I have a Spring Boot 2.3.2.RELEASE WebFlux application. In the application.yml I have these settings:

spring:
  jackson:
    property-naming-strategy: SNAKE_CASE
    serialization:
      write-date-timestamps-as-nanoseconds: false
      write-dates-as-timestamps: true

Indeed, almost any JSON response is sent back to the user-agents correctly: in snake case format, except for the auto-generated ones:

This is a usual GET response from the application:

{
  "port_code": "blah",
  "firm_code": "foo",
  "type": "THE_TYPE",
  "status": "BAR",
}

...this is a custom (intercepted within a @RestControllerAdvice) response for a ConstraintViolationException:

{
    "timestamp": 1597344667156,
    "path": "/path/to/resources/null",
    "status": 400,
    "error": "Bad Request",
    "message": [
        {
            "field": "id",
            "code": "field.id.Range",
            "message": "Identifier must be a number within the expected range"
        }
    ],
    "request_id": "10c4978f-3"
}

...and finally this is how Spring Boot auto-generates an HTTP 404 from a controller (based on a ResponseStatusException, that's what I meant by auto-generated ones :innocent:):

{
  "timestamp": 1597344662823,
  "path": "/path/to/resources/312297273",
  "status": 404,
  "error": "Not Found",
  "message": null,
  "requestId": "10c4978f-2"     <== NOTICE HERE requestId INSTEAD OF request_id ...what the hell?!
}

This is how I'm triggering that in the controller:

return service.findById(id).switchIfEmpty(Mono.error(new ResponseStatusException(HttpStatus.NOT_FOUND)));

If Jackson is configured in such way, wouldn't that apply across the entire application? Looks like there are parts of it not honouring those settings.

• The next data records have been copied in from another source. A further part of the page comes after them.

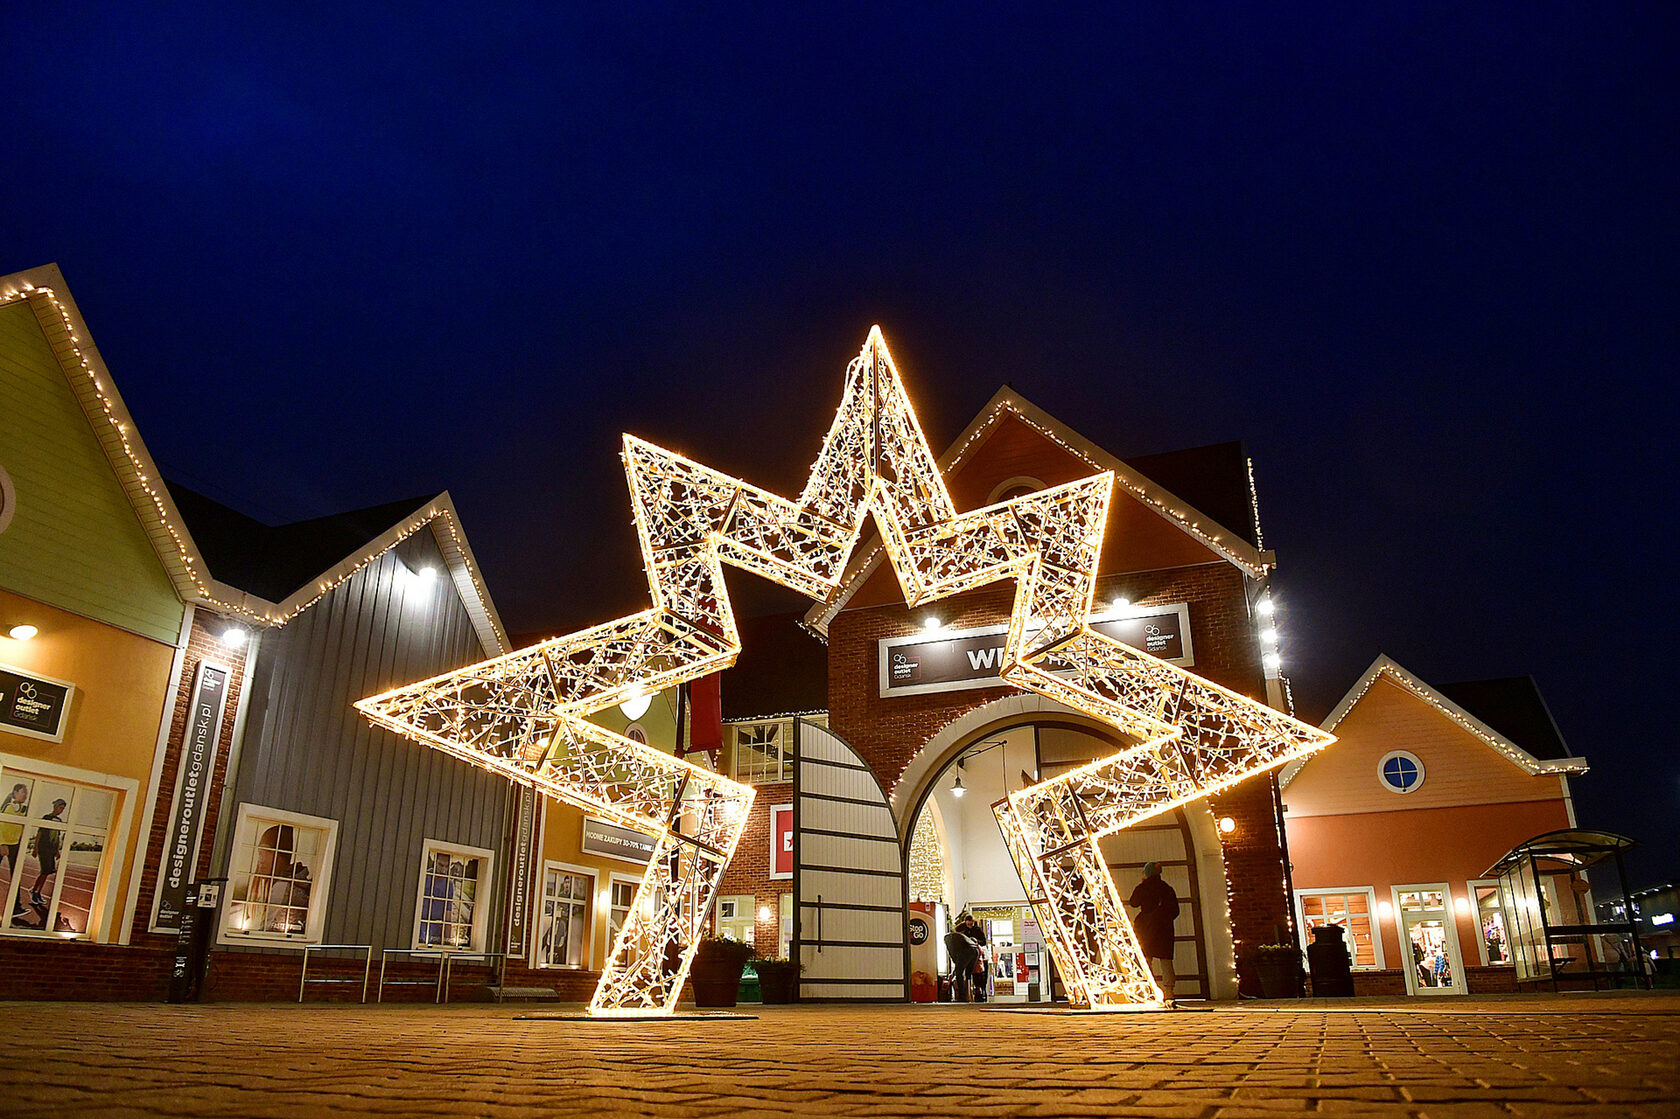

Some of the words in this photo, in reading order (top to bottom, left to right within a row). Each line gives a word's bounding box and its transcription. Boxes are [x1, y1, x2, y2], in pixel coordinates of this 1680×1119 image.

[894, 662, 919, 670] designer
[15, 704, 40, 715] outlet
[17, 697, 51, 710] designer
[169, 703, 212, 888] designeroutletgdansk.pl
[514, 792, 531, 927] designeroutletgdansk.pl

Probably, I missed a configuration setting somewhere, but I can't find anything else, so I decided to file a bug report here — and this is the corresponding StackOverflow question.

Comment From: wilkinsona

To avoid people duplicating effort, I'm going to close this in favour of the question on Stack Overflow. We can re-open it if it turns out that a change in Spring Boot is necessary.

Comment From: wilkinsona

It looks like there is some room for improvement here. The response from BasicErrorController is unaffected by Jackson's property naming strategy as it's a Map<String, Object> and the property naming strategy only applies to JavaBean-style properties when a POJO is being serialised. The format of a map's keys can be controlled with a custom StringKeySerializer but it would be nice to make it easier. Returning a POJO from the BasicErrorController may work, but it would be a breaking change and we'd need to be careful that it worked not just with Jackson but with GSON and any other JSON serialisation library that we support.